■ EXERCISE OBJECTIVE ■
What you return should match the listing exactly, minus its images.

::: PROVIDED RECORDS

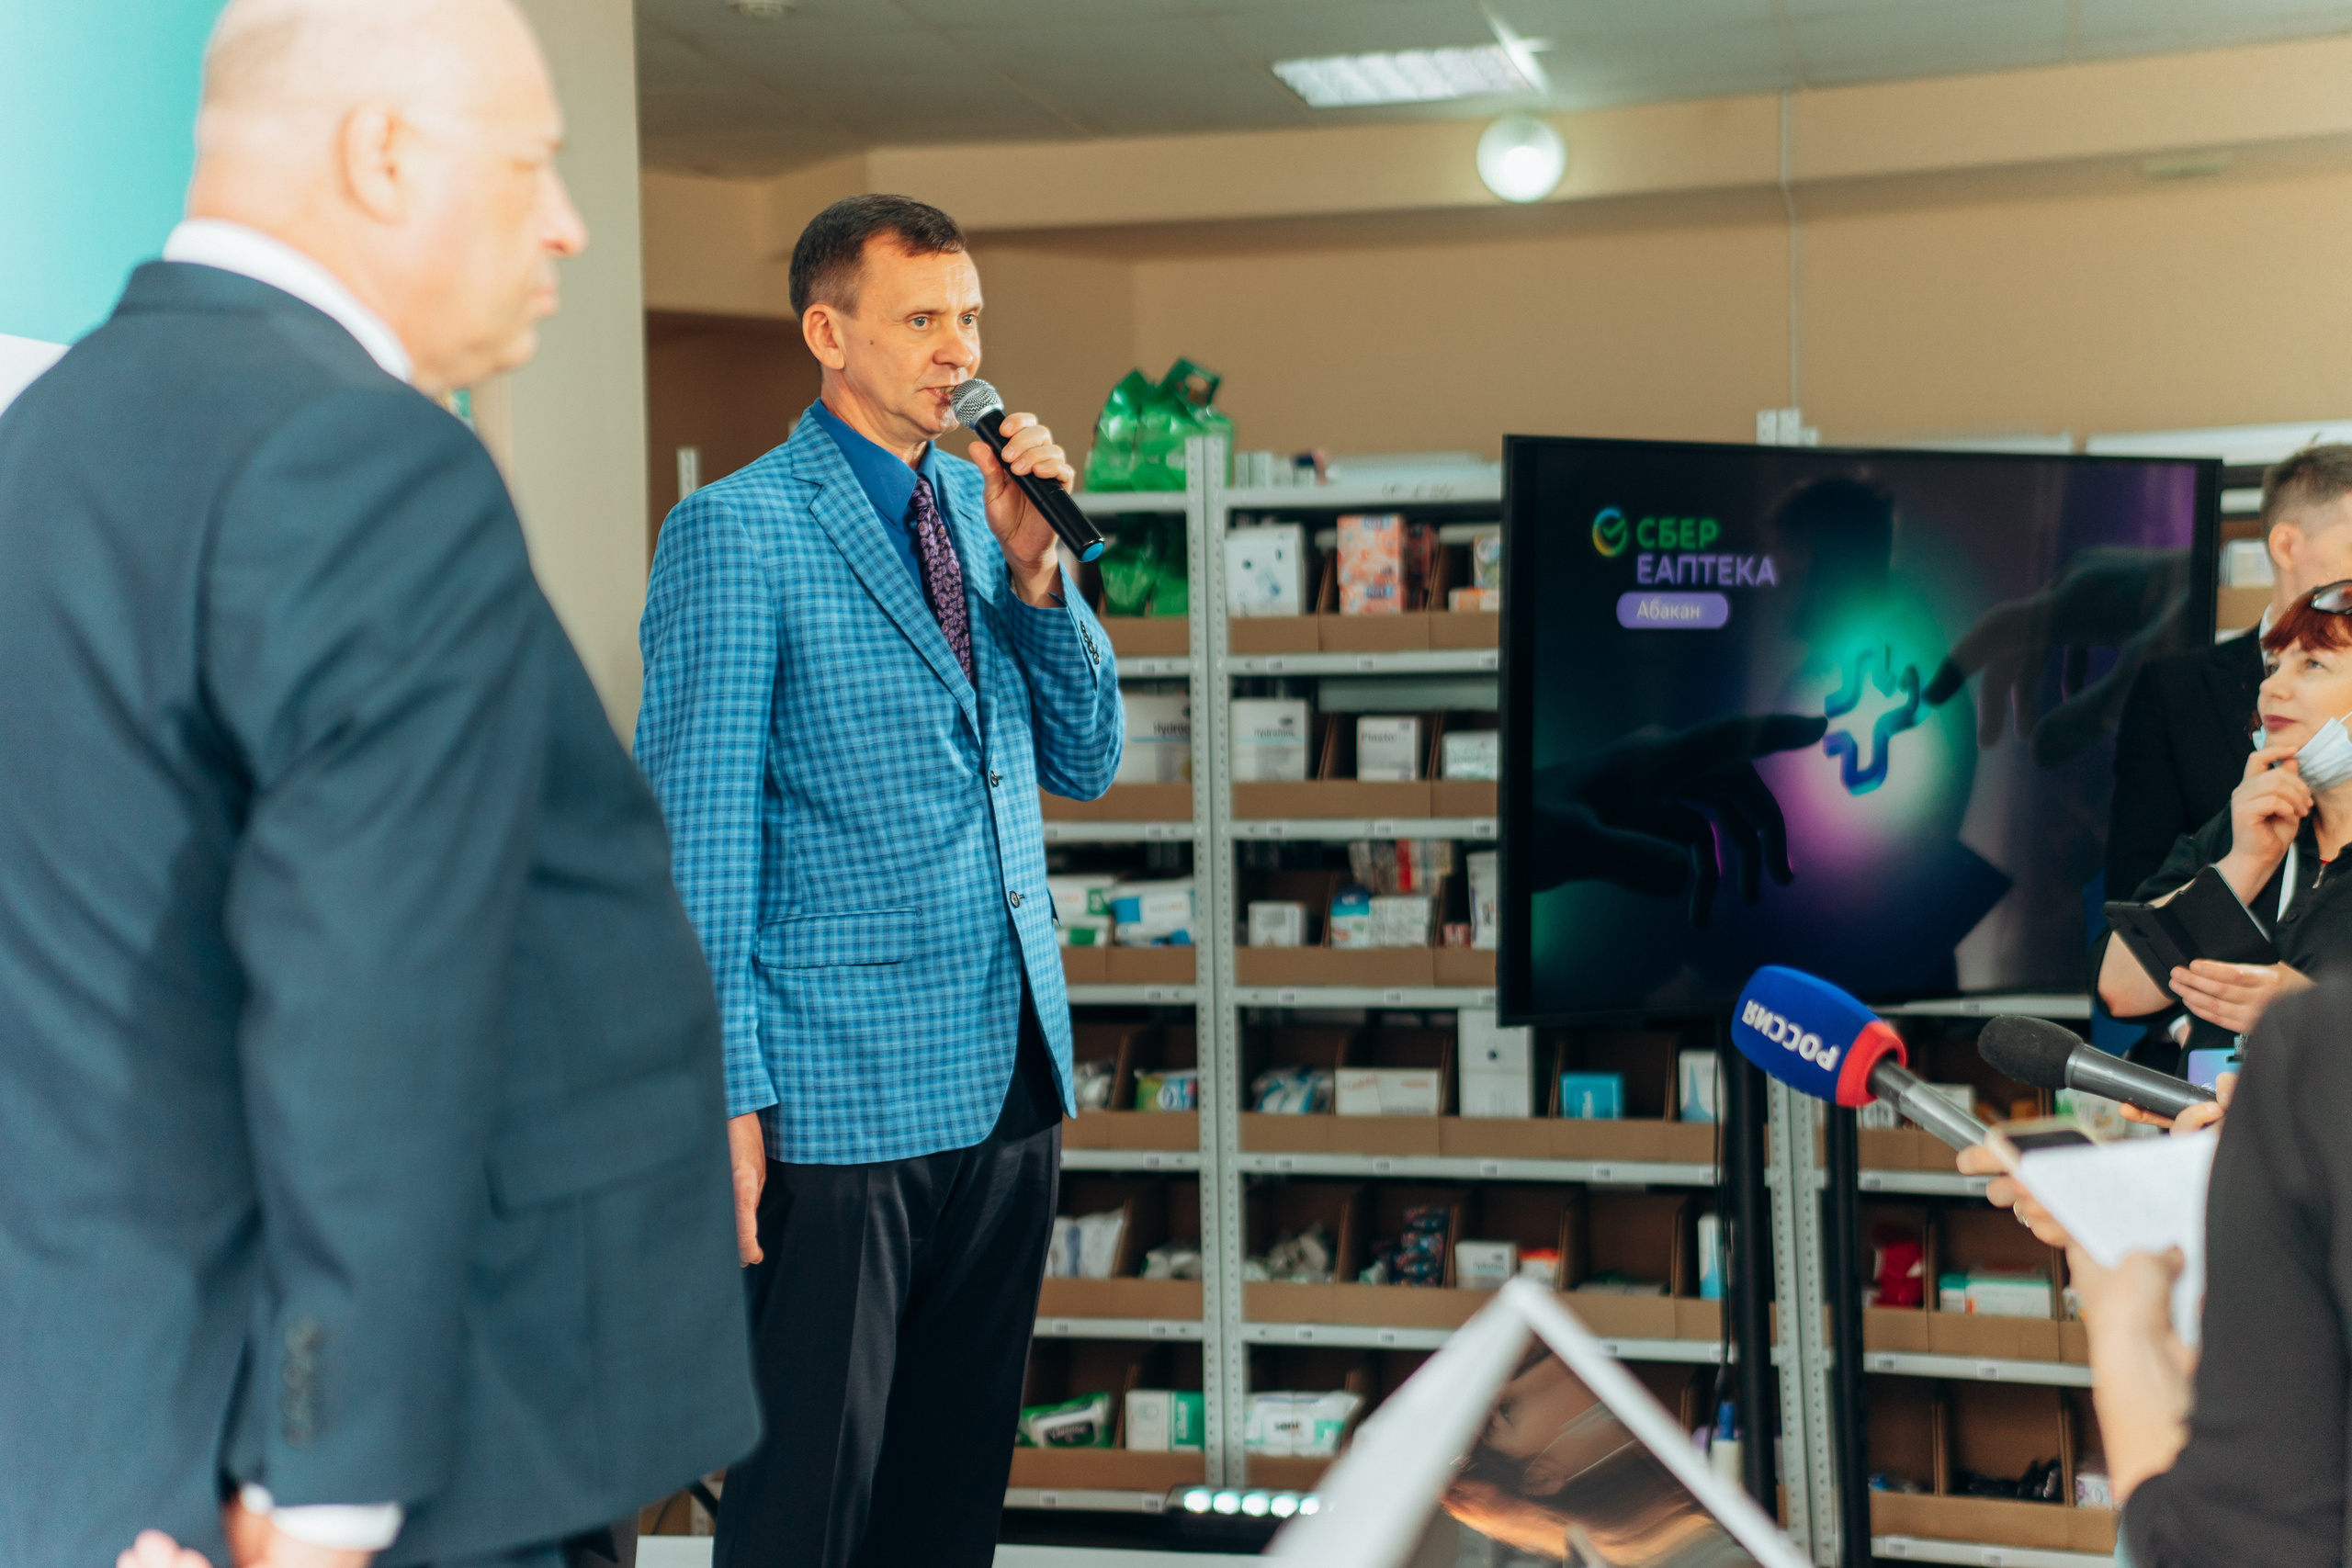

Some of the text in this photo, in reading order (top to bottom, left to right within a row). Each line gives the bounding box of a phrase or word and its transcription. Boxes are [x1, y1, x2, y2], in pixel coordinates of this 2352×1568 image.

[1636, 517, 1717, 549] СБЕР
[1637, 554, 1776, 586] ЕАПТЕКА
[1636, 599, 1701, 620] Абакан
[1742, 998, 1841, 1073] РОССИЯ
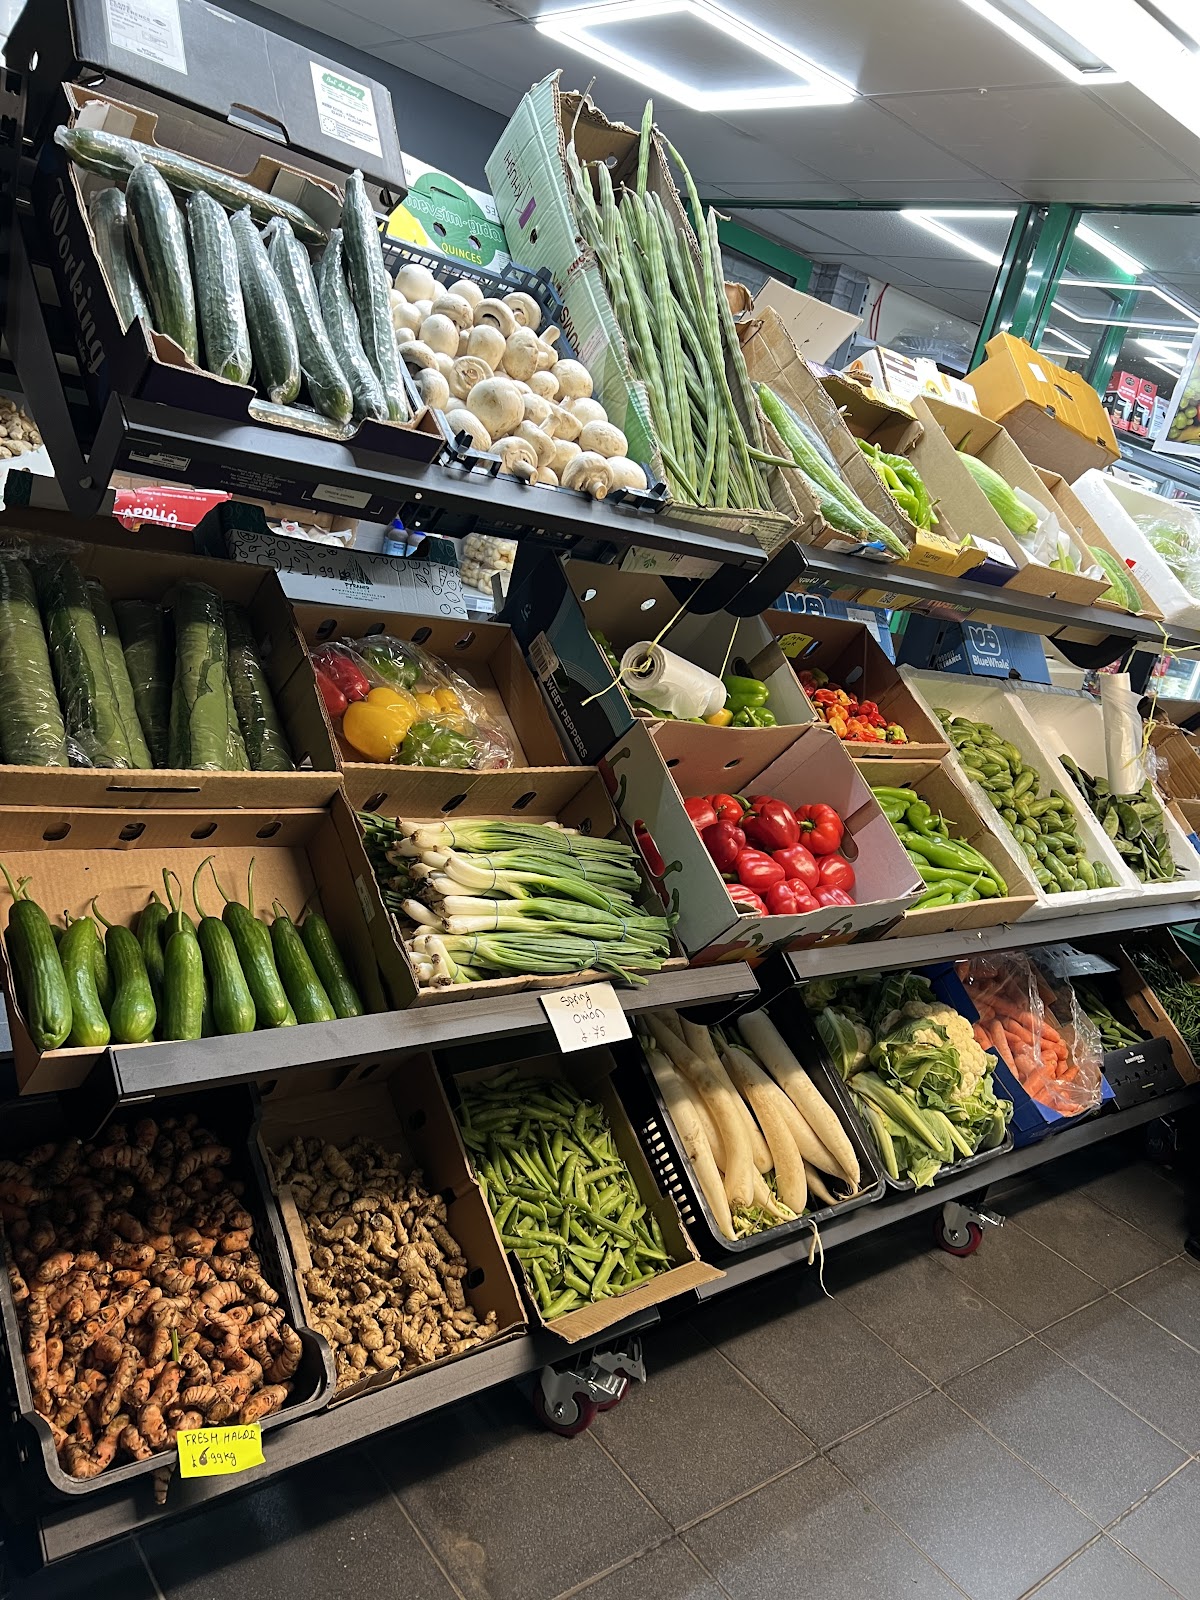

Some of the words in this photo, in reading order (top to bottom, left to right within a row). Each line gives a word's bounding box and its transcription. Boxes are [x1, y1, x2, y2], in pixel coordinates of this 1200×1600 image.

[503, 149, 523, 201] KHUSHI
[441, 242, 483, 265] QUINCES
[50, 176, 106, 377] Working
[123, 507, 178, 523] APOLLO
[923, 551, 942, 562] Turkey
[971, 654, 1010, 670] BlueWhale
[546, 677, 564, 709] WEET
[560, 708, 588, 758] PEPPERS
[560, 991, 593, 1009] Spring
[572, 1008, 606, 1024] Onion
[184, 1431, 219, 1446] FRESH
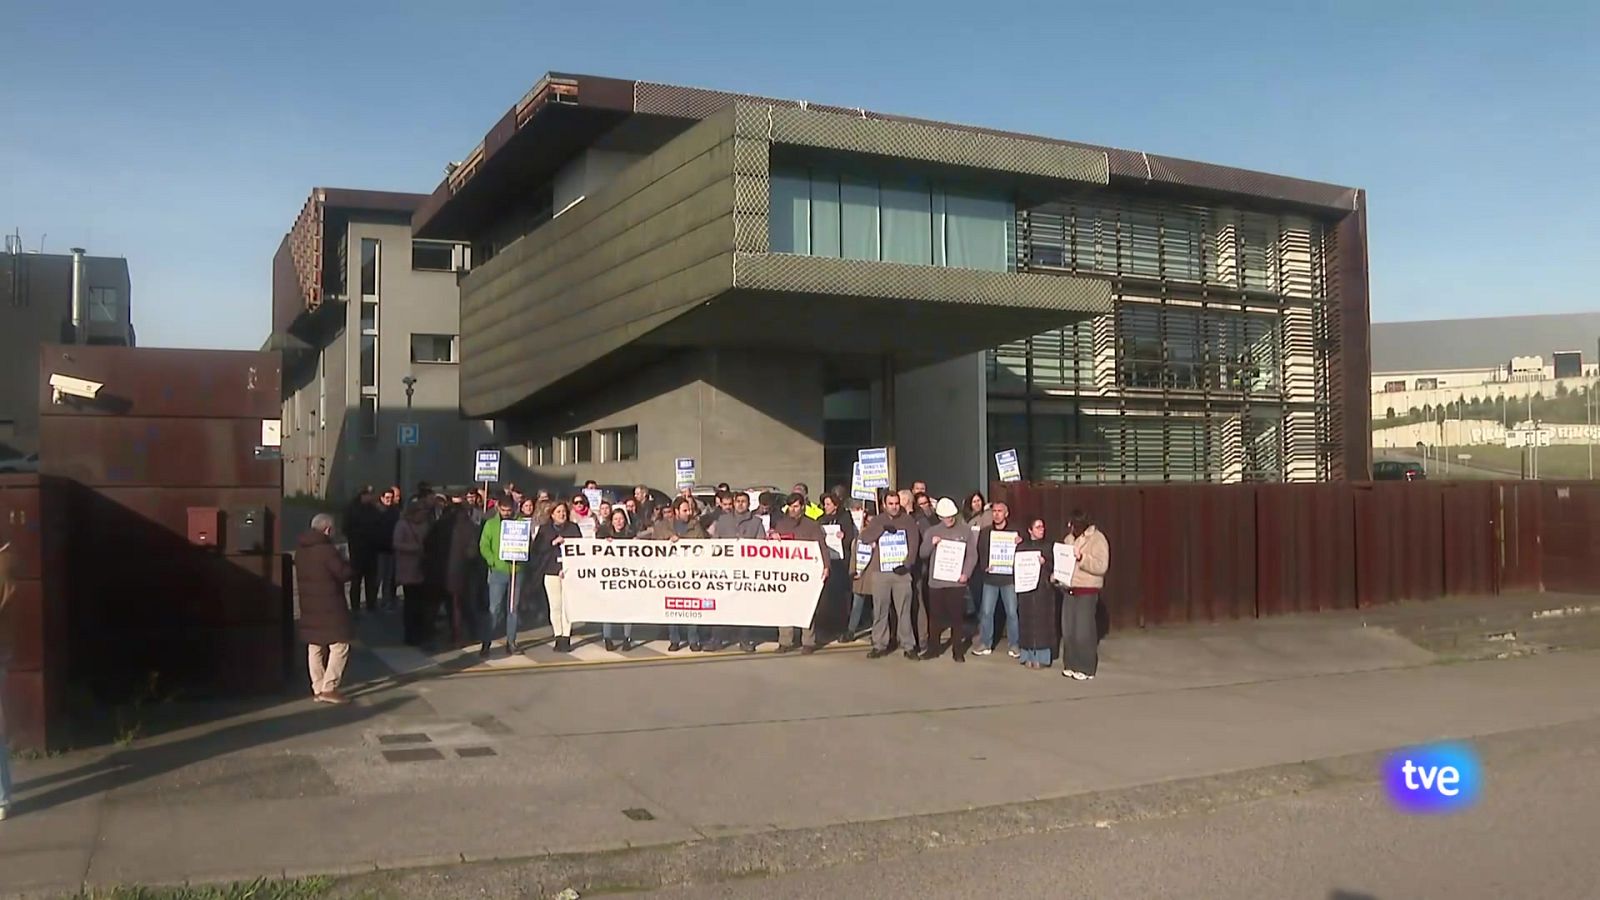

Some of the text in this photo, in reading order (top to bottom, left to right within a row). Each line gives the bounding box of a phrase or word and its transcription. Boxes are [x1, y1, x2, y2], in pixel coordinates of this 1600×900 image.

::::::

■ THE COMPLETED TASK ■
Some of the text in this photo, in reading order (top to bottom, left to right within a row). Each line gives the bounding box of a phrase or word and its transcription. Boxes are [x1, y1, x2, y2], in pixel coordinates of this 2352×1568 image.

[1636, 517, 1717, 549] СБЕР
[1637, 554, 1776, 586] ЕАПТЕКА
[1636, 599, 1701, 620] Абакан
[1742, 998, 1841, 1073] РОССИЯ

Some of the words in this photo, in reading order (top to bottom, left to right within a row). Each line gives a word's bounding box and its transcription. Boxes are [x1, y1, x2, y2], in pixel coordinates of this 1200×1600 image.

[503, 149, 523, 201] KHUSHI
[441, 242, 483, 265] QUINCES
[50, 176, 106, 377] Working
[123, 507, 178, 523] APOLLO
[923, 551, 942, 562] Turkey
[971, 654, 1010, 670] BlueWhale
[546, 677, 564, 709] WEET
[560, 708, 588, 758] PEPPERS
[560, 991, 593, 1009] Spring
[572, 1008, 606, 1024] Onion
[184, 1431, 219, 1446] FRESH

Some of the text in this photo, in reading order (top to bottom, left to right within a row). Each line gives the bounding box of a phrase or word and its transcription. Boxes are [x1, y1, x2, y2], in pixel coordinates of this 1600×900 image.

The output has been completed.